Page 24 of Daughter of the Ninth Line, Part Three
Twenty-Three
Avalon
Thirty minutes earlier
“ I have to go and find Lucio or Vox. I need to know what’s going on.” Hayle was still clutching my hand tightly.
“Heir Taeme!” The Librarian appeared, and Hayle shook his head at her.
“I’m sorry, Librarian, but we’re under siege. We won’t have time?—”
The Librarian’s jaw tightened. “You will make time. Come.”
Hayle looked between the crowd and the Librarian. I pushed at his chest. “Go. Find Vox and Lucio, and figure out what’s going on. I’ll go with the Librarian to see what’s so important.”
He hesitated. “You won’t leave the library without me or Vox?”
I shook my head. “Braxus will be by my side the whole time too. Go, your Line needs you.”
He kissed me hard, then dipped his head respectfully at the Librarian before rushing off, Quarry on his shoulder and Alucius at his heels.
The Librarian watched him go and nodded approvingly.
“You’ve chosen consorts well. Come, time is of the essence.
” She hurried through the crowds of conscripts, while I followed along behind her.
It helped that people moved out of her way, though I doubted even a tenth of the conscripts had even met the Librarian. She just had that kind of presence.
The crowds grew more and more sparse, until the corridor to the library was basically empty.
She pushed through the doors into the tranquility of the large shelves, filled with knowledge.

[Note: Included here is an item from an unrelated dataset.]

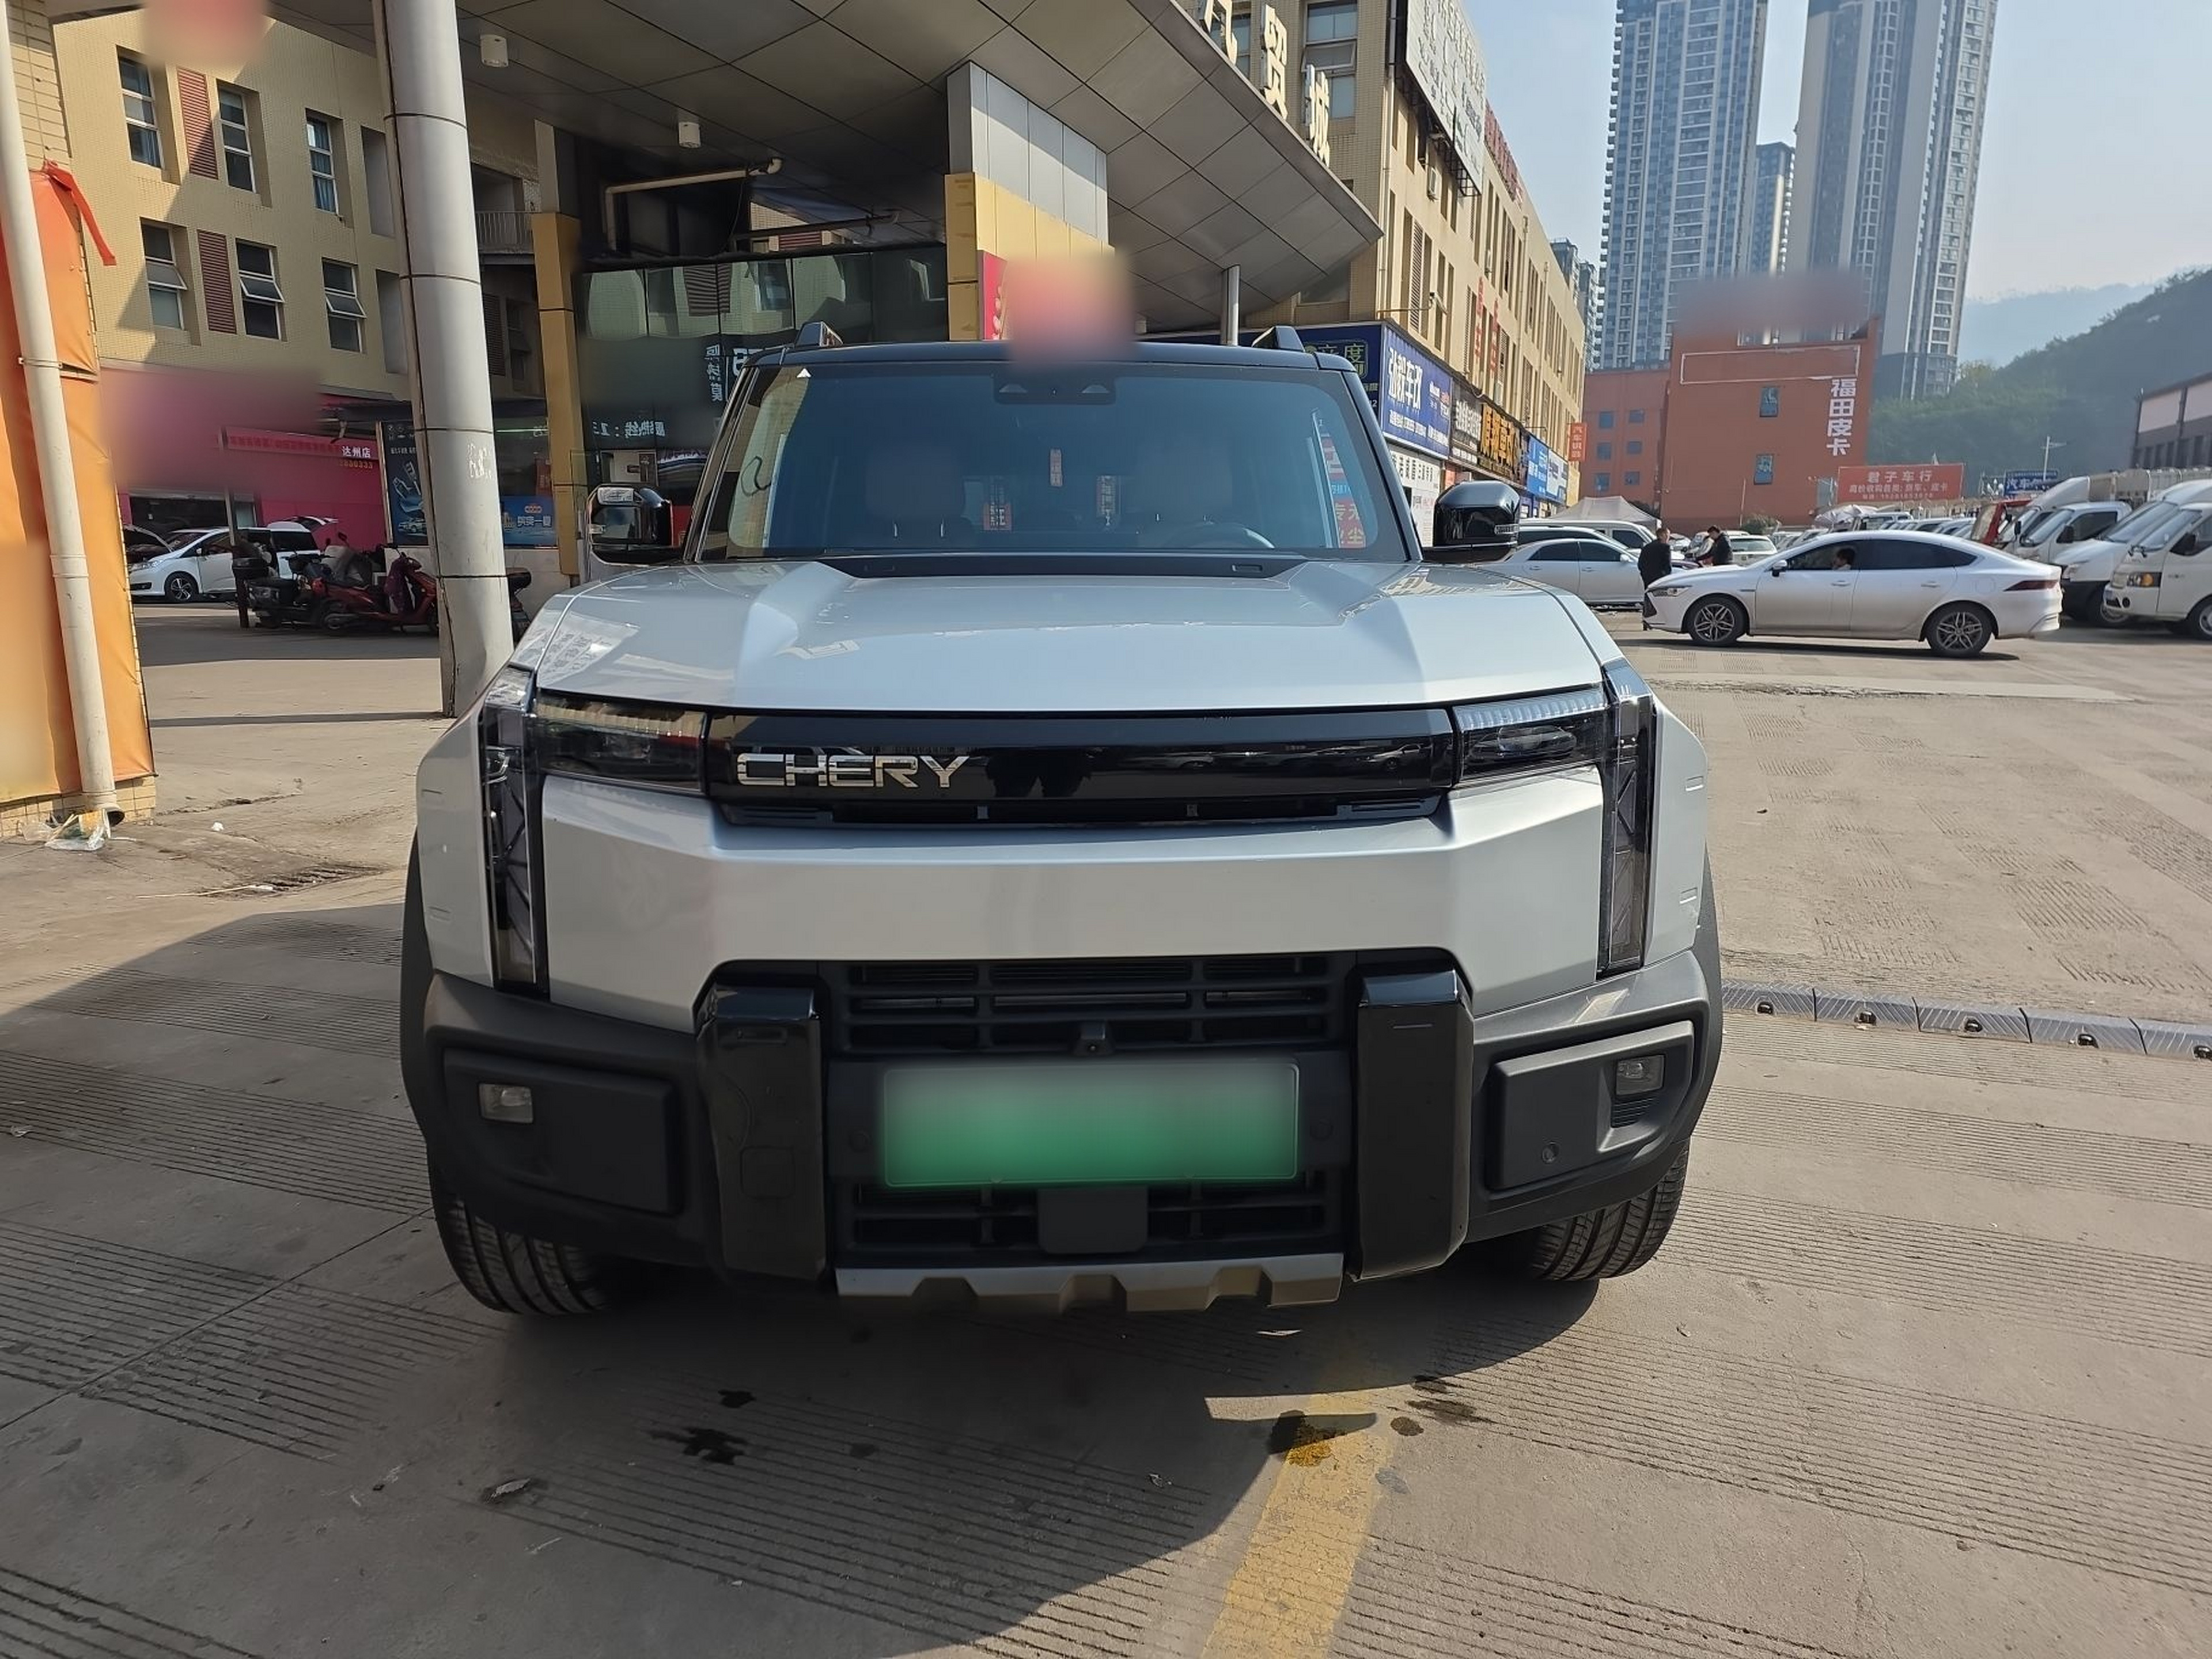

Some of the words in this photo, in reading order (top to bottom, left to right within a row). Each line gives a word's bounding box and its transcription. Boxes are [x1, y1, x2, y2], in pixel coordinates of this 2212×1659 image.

In a crisis, the library was the perfect place to be, but apparently, I was the only one in Boellium who felt that way.
“Mr. Vylan and Mr. Taeme brought me a package of books back from the library in the Hall of Ebrus. I’ve only just gotten around to reading them, which I regret.” She muttered that last part more to herself than to me. “I wish we’d had more time.”
She stopped and pulled a few things off a shelf. The first book was a weathered tome, with gold embossing reading A Future History of Ebrus. I raised an eyebrow. I wasn’t sure that was even grammatically correct.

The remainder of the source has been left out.